1999 at Lattuada Studio, Milan, Italy
by Robert C. Morgan
Angiola Churchill’s work has a playful aspect. Her paintings and collages allow the viewer to enter into the spirit of play by assembling abstractions of facial imagery. Whether they are given to a particular meaning or a dissemblance of meaning, it doesn’t really matter. What matters for Churchill is that the viewer learns to engage the subject matter with fresh eyes.
To see something with fresh eyes means that we see it for the first time. Nothing is repeated according to a particular style of tradition. Or if the style or tradition is present, the subjectivity of the viewer makes it new, makes it fresh and appealing, even titillating. Churchill sustains the power and creative inspiration. Through the use of paper and the color white, Churchill manipulates her simple surreal forms with subtle intensity. The repetition of eyes, as in The Eye Wall installation from 1988, gives the viewer a nealy hallucinogenic experience, an all-encompassing sense of being observed.
She is not a formalist because the content in her work goes beyond the forms themselves. Put anther way, Churchill invents new meanings for traditional abstract forms. Every nuance, every tone, every line – all of these elements have a function and a presence that leads us into the spirit of play, that expects something from us, a fresh glance, a new way of seeing, a new way of coming to grips with the reality of art.
By starting into the center, then moving out to the periphery of her marvelous collage, called World Wide View (1998), or by discovering the humor and intelligence in a work such as The Arrogant Trickster (1994), one is reminded of a child-like playfulness and with the liberation that is associated with this kind of creative energy.
Churchill has a remarkable breath in her work. It can go from the most subdued to the most exhilarating emotions. It can be intensely personal, yet at the same time project a social experience, of what we have seen before. There is a symbolic content in her work that is both secular and religious. Her forms are idiosyncratic. The eyes peer out at us with wonder, desire, and transcendence.
Churchill’s paintings represent an age-old tradition in western art, particularly the outsider art of the modernism era, the twentieth century. One may think of Odillon Redon or Louise Bourgrois. There is a Surrealist aspect to Churchill’s works on paper which is another way of saying that they are involved with the serious play of the mind.
Play requires a certain confidence and generosity, and ability to give without knowing if there will be anything given in return. This is the risk that every artist must take at the end of the century of modernism. In this sense, all modernist art is outsider art – until one believes that a reception for one’s work is possible.

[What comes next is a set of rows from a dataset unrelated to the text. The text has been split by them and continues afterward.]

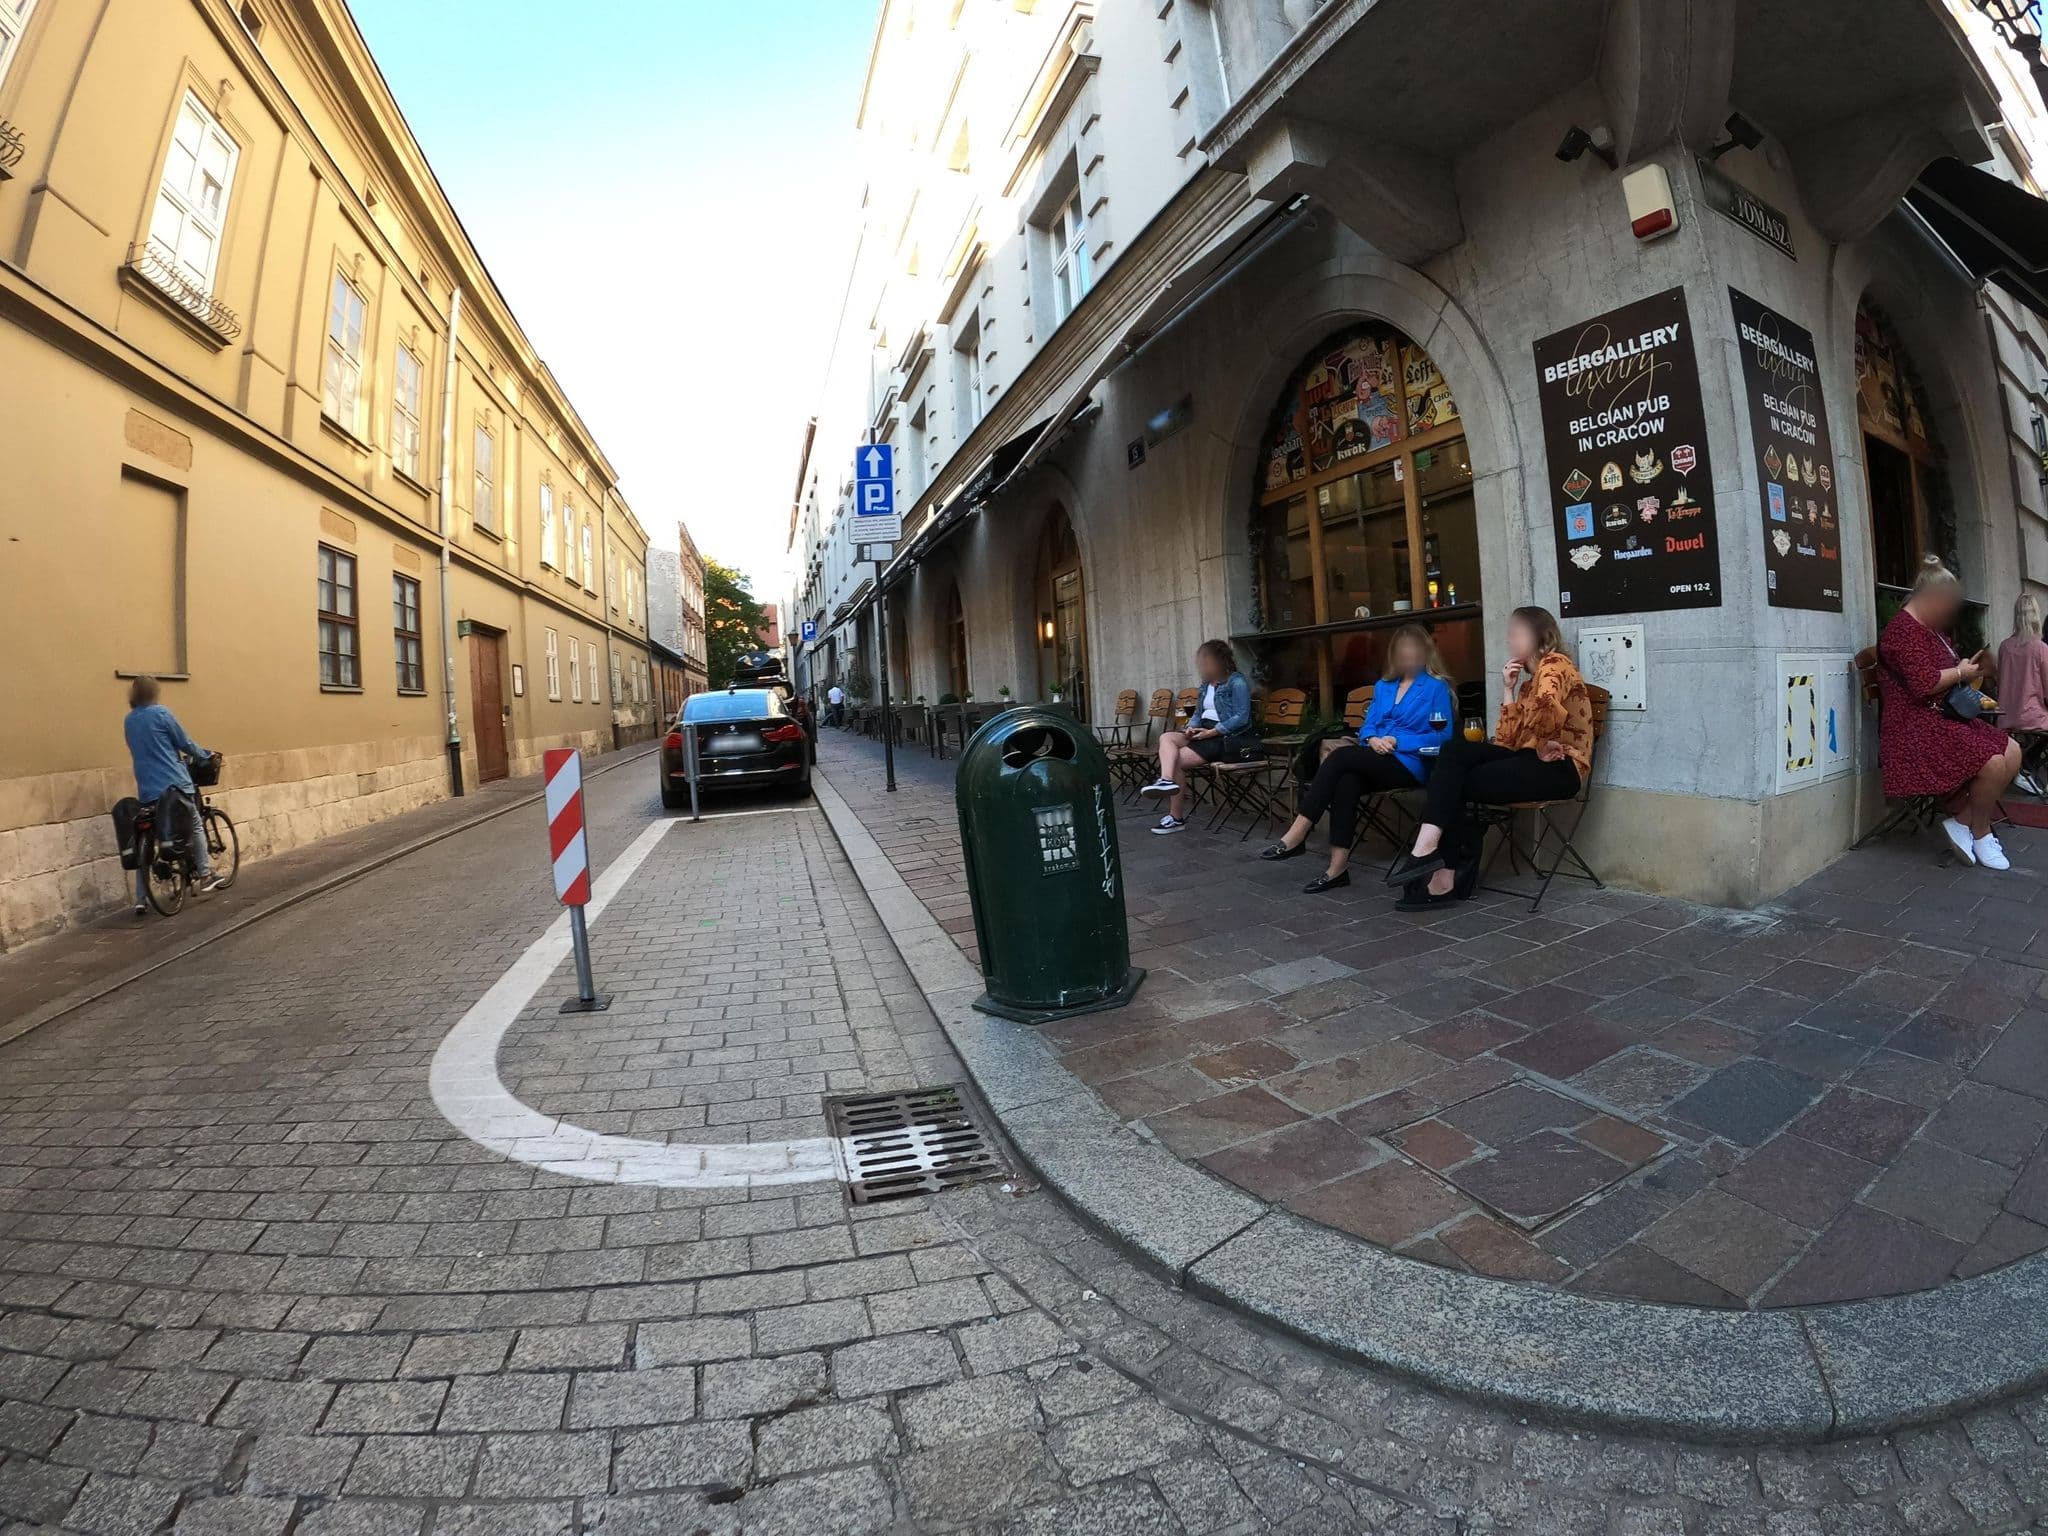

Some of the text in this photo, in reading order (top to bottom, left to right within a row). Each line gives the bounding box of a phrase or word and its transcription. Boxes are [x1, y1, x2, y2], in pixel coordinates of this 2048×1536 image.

[1544, 322, 1680, 384] BEERGALLERY
[1741, 323, 1814, 374] BEERGALLERY
[1569, 394, 1671, 436] BELGIAN PUB
[1763, 393, 1817, 428] BELGIAN PUB
[1578, 416, 1666, 453] IN CRACOW
[1770, 415, 1816, 447] IN CRACOW
[864, 483, 885, 512] P
[1665, 532, 1705, 553] Duvel
[1669, 582, 1711, 594] OPEN 12-2

There is no room for cynicism in the work of Angiola Churchill. These works on paper focus on the omniscient eye – on the all-knowing eye. They are telling us something about who we are as social beings. Works like the heroic Vanquished Eyes (1994) signify a dilemma that we all encounter, dilemma that we face to face with each day. These are images that make us aware that we are both seeing and being seen or, as the title of another of her works from 1998 suggests, we are in the process of both watching and being watched. This is a double dilemma, one that we face both in life and in art.
As the private world merges into public view, the symbolic connotation of the eye has a special meaning. It suggests that we are all social in our self-awareness, we are learning to cope with the realities of seeing that brings the whole world into focus. This is an important message, and a poetic one, that lingers far beyond the first encounter. This is a message that goes straight to the mind and equally to the heart.